Reason #301: My Son Went on the Roller Coaster

I started this blog as a way of documenting every effect that surviving child sexual abuse has had on my life.  While it would be impossible to document every single flashback, intrusive thought, nightmare, anxious feeling, etc., I am at least trying to document each new time that getting fucked as a kid has fucked me as an adult.

So this weekend, the ex and I took the baby to the Fair.  He just turned 5 and he’s the perfect age to enjoy the Fair.  He tried his first deep fried candy bar and loved it.  He also went on a kiddie roller coaster and loved it.  A few years ago, he tried a kiddie ride with my ex sitting next to him but he hated it and cried.  But it’s been a few years and he is my big five year old boy now, so he asked to go on it.  It was with much hesitation that I said yes. He absolutely loved it, and when I watched him enjoying himself on a ride I’ve always been too chickenshit to enjoy myself, I cried.  I stood there at the Fair crying behind my sunglasses, partly in happiness for my son who was able to enjoy something I never could, and partly in grief because I’ve never felt safe enough to do fairly safe things, let alone scary things like roller coasters.
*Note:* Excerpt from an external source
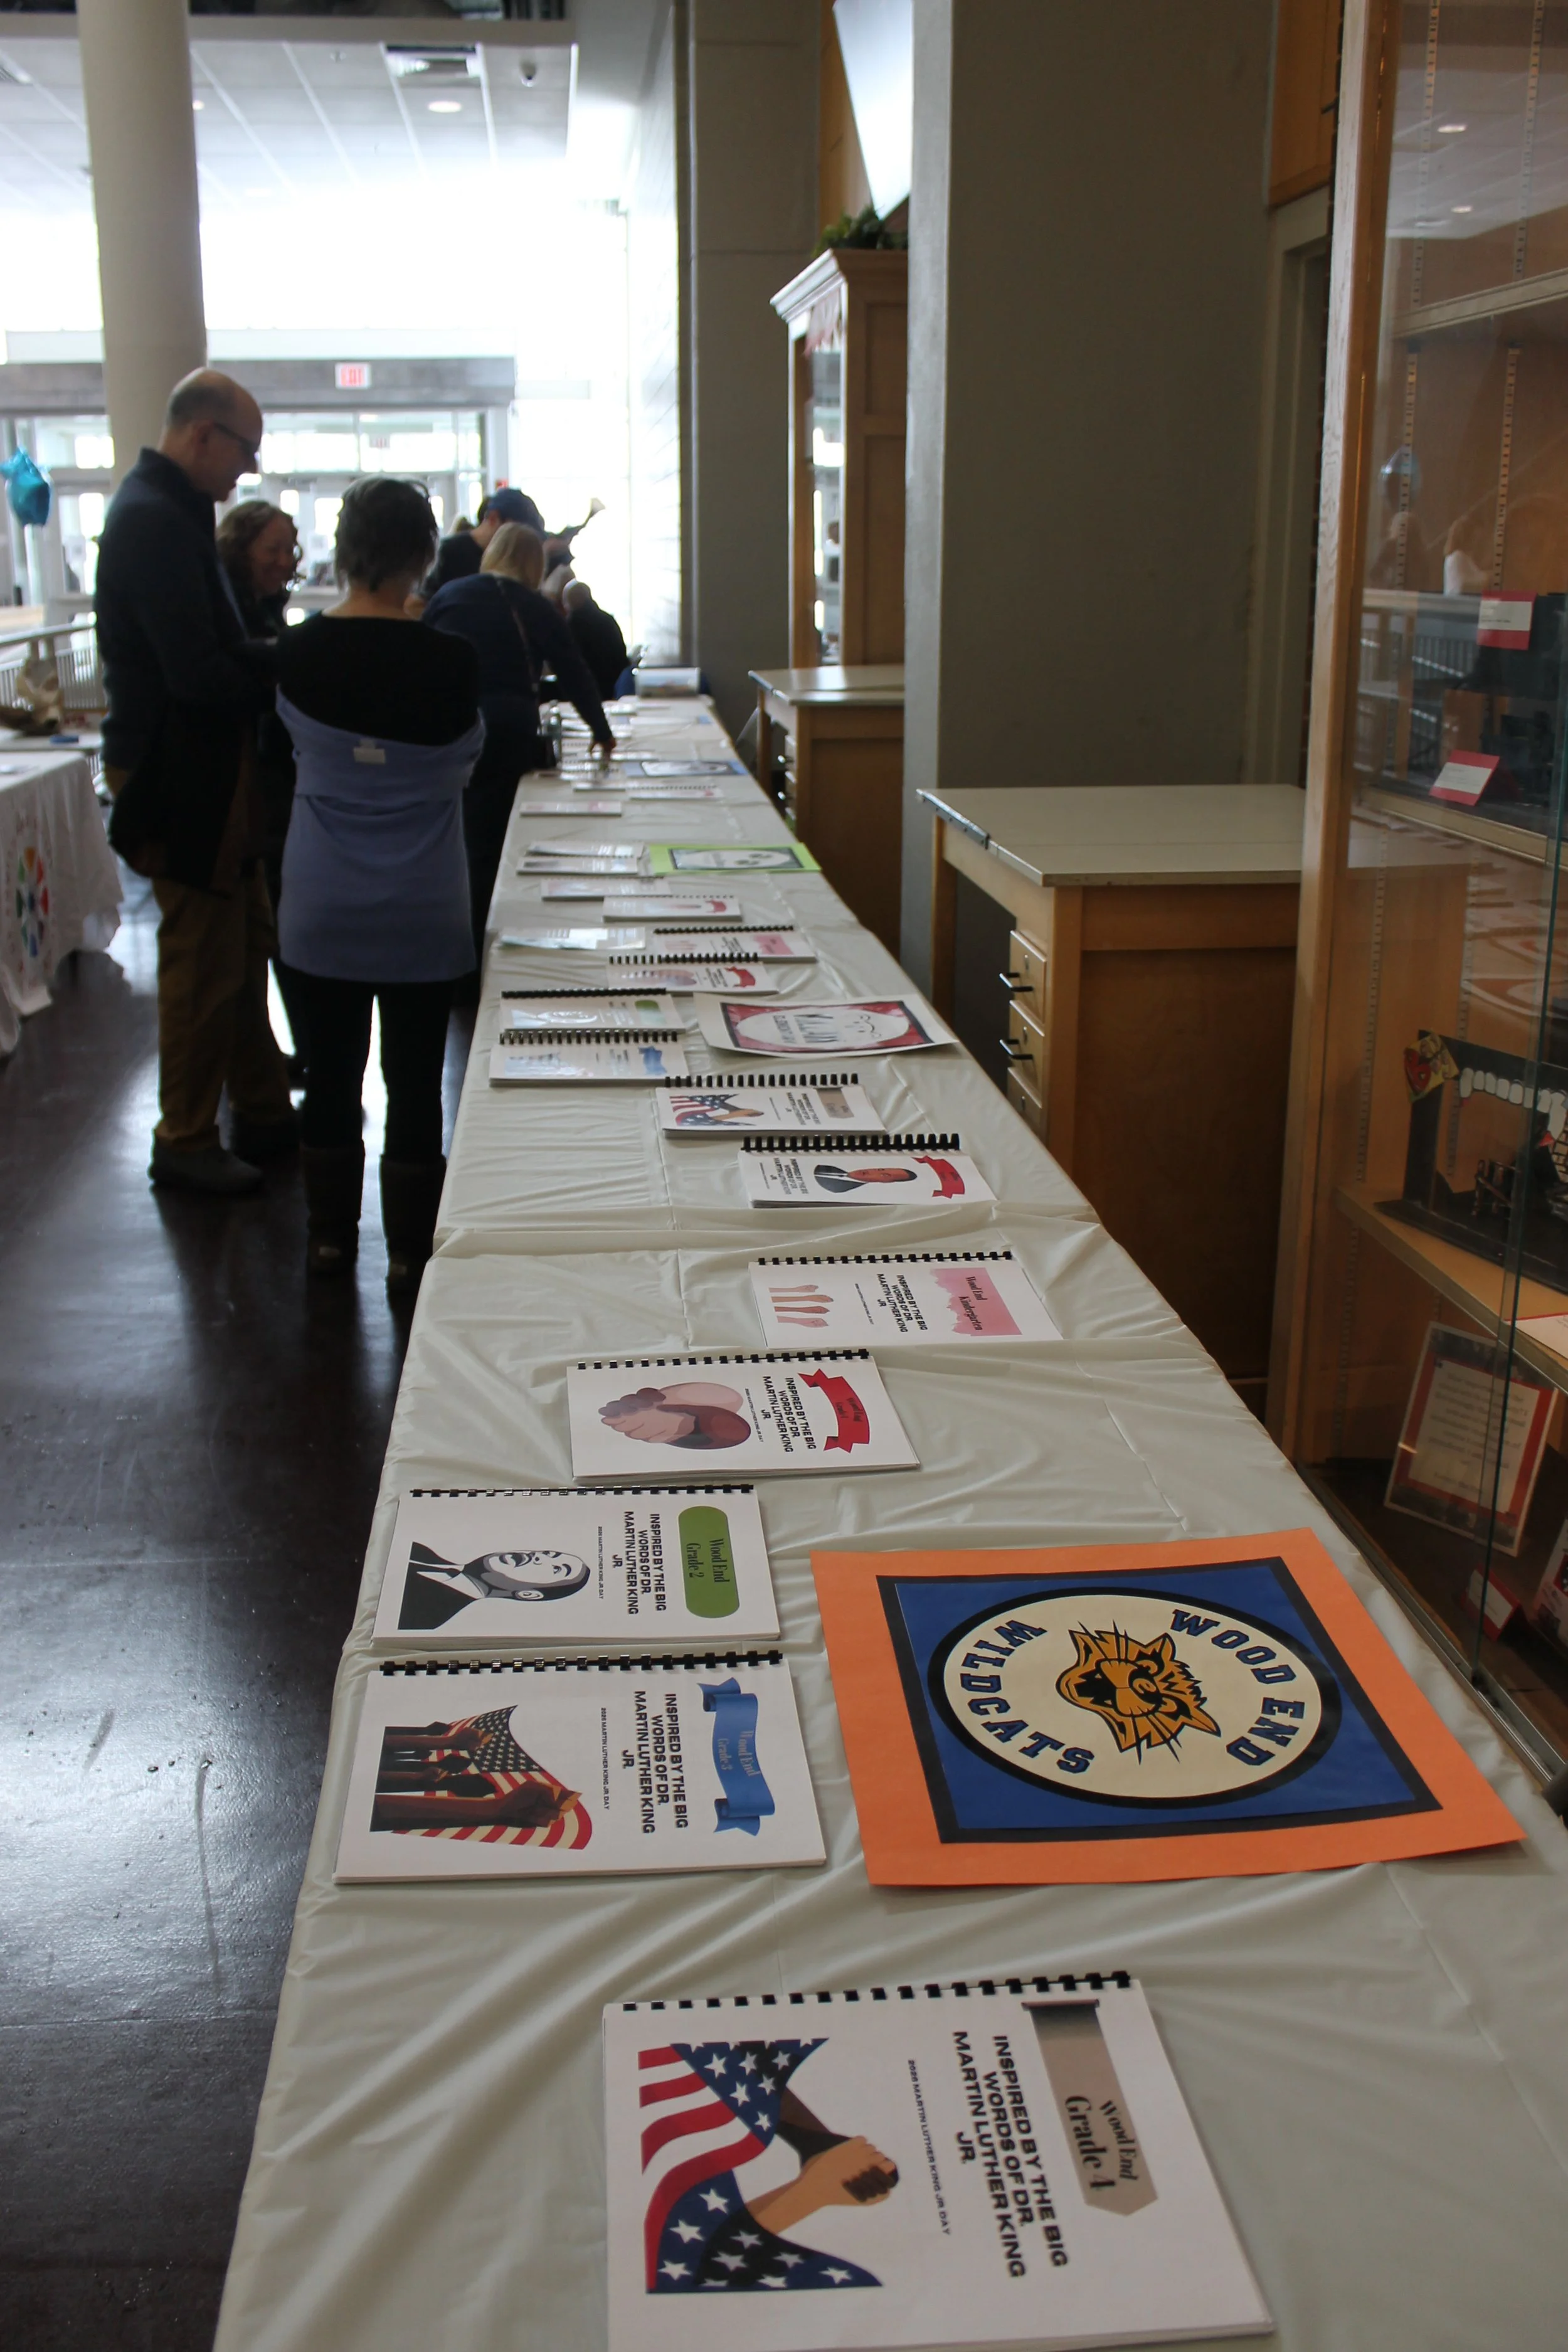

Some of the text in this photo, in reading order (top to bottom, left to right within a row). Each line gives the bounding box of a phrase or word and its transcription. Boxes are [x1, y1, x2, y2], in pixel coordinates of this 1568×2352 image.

Developmentally, as children grow, they veer a little away from their parents and assess how safe it is at that distance. When they start feeling unsafe, they run back to their parents. They establish their safety in that way. Then the next time, emboldened by their safety, they try again, veering a little farther away. A few years ago he tried the roller coaster and didn’t like it. Today he felt safe enough to ride a roller coaster again and loved it.  He is doing exactly what he should be doing to learn and achieve safety.  He is learning and achieving safety in a way I never could.  And I pray he continues to always achieve safety.

Meanwhile I have been working with the therapist every single week on how to feel safe. One of the exercises we have been working on to fight my agoraphobia is for me to stand by the back door to my own home.  I don’t even have to open the door, I just have to stand by there.  After trying numerous times, I never achieved that goal.  Finally we had to give up that goal and start another one instead.

Clearly, I have never learned or achieved safety.  Just standing by my own back door in my own house feels unsafe to me. That is why you shouldn’t fuck kids. When kids get abused by one person, the whole world of people becomes terribly unsafe.  I can’t trust that there’s not someone on the other side of that door just waiting for me to have my defenses down to take that opportunity to hurt me.  Is it ridiculous?  Of course it is.  It’s crazy and pathetic and ridiculous.  And that’s the secret part of surviving child sexual abuse.  We all have ways that we have formed to make ourselves feel safer in a terribly unsafe world.  But we don’t talk about those effects of surviving in our workplaces or with our acquaintances.  Only the people closest to us know, and even then we don’t tell them the whole story because we know it makes us look nuts.  But we’re not nuts.  We are merely people who have survived traumatic things, and this is what surviving a traumatic thing actually looks like.

I have never learned or achieved safety.  But please G-d, maybe my son will.